- Ulster Defence regiment crest
- Active: 1972–1984
- Country: United Kingdom
- Branch: British Army
- Type: Infantry battalion
- Role: Internal Security
- Size: 750
- Regimental Headquarters: Lisburn
- Mottos: "Quis Separabit" (Latin) "Who Shall Separate Us?"
- March: (Quick) Garryowen & Sprig of Shillelagh. (Slow) Oft in the Stilly Night

Commanders
- Colonel Commandant: First: General Sir John Anderson GBE, KCB, DSO. Last: General Sir Charles Huxtable, KCB, CBE, DL
- Colonel of the Regiment: Colonel Sir Dennis Faulkner CBE

= 9th Battalion, Ulster Defence Regiment =

Military unit

The 9th (County Antrim) Battalion, Ulster Defence Regiment was formed in 1972 from two companies of the 1st Battalion Ulster Defence Regiment creating a second battalion in County Antrim. It was amalgamated with 1 UDR in 1984 to form 1/9 UDR.

==History==
The battalion was formed in 1972 from the two companies of the 1st Battalion Ulster Defence Regiment who were based in the south of the county, creating a second battalion in County Antrim. Battalion headquarters, HQ Company and one other were based at Steeple Camp, Antrim, a remnant of World War II beside the railway station. Two companies were based in Lisburn and one at Carrickfergus.

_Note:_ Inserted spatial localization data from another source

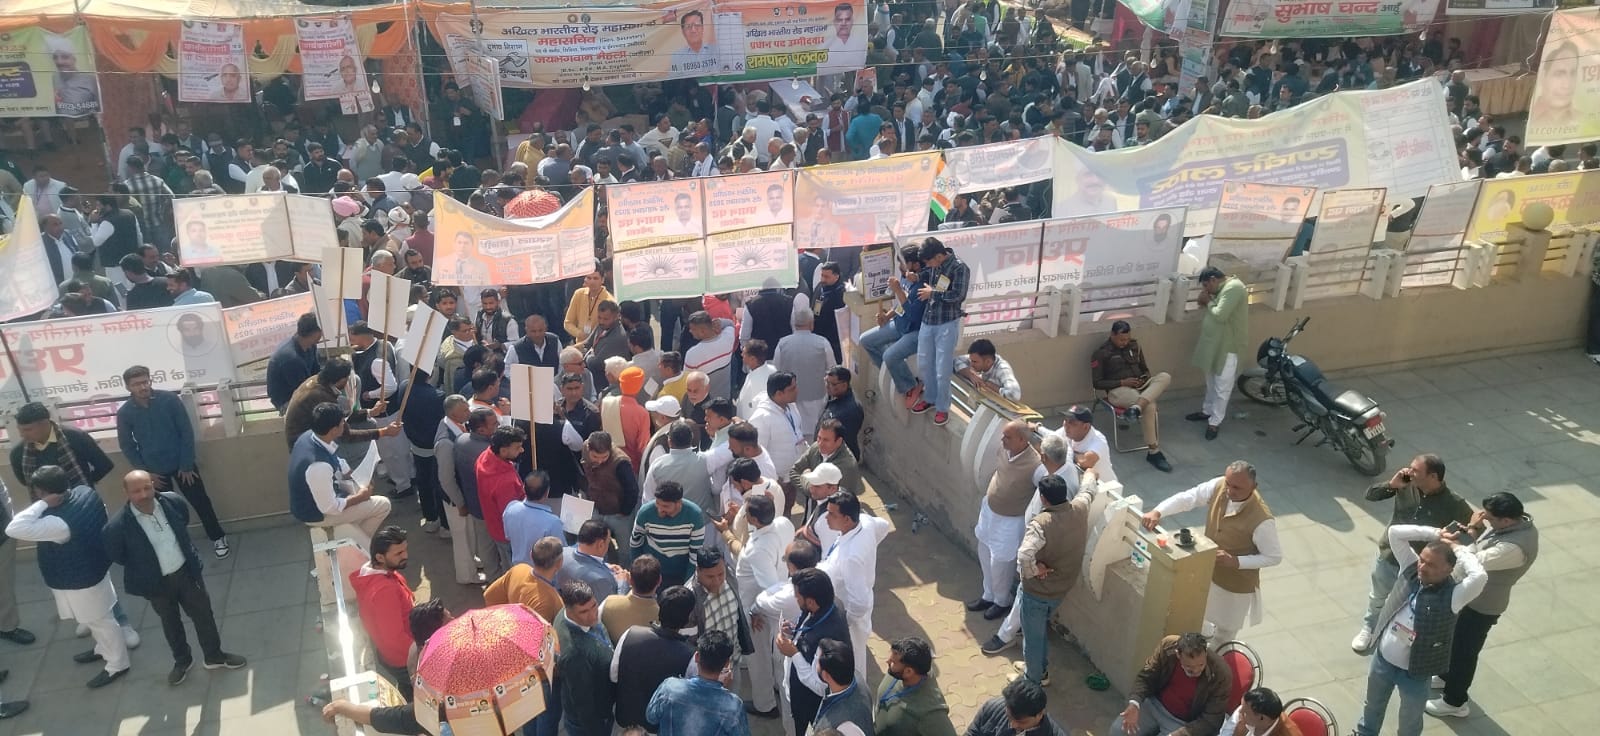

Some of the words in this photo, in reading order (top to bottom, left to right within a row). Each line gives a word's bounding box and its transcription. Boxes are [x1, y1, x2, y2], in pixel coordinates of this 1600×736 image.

[1274, 2, 1331, 24] सुभाष
[501, 26, 538, 36] अखिल
[540, 24, 579, 35] भारतीय
[537, 33, 596, 46] महासचिव
[746, 54, 789, 70] रामपाल

The first commanding officer was Lieutenant Colonel "Paddy" Liddle who had previously been a part-time company commander with the 1st (County Antrim) Battalion. Liddle has seen wartime service with the Royal Ulster Rifles and had attended Army Staff College. He was the only UDR officer to be promoted into battalion command.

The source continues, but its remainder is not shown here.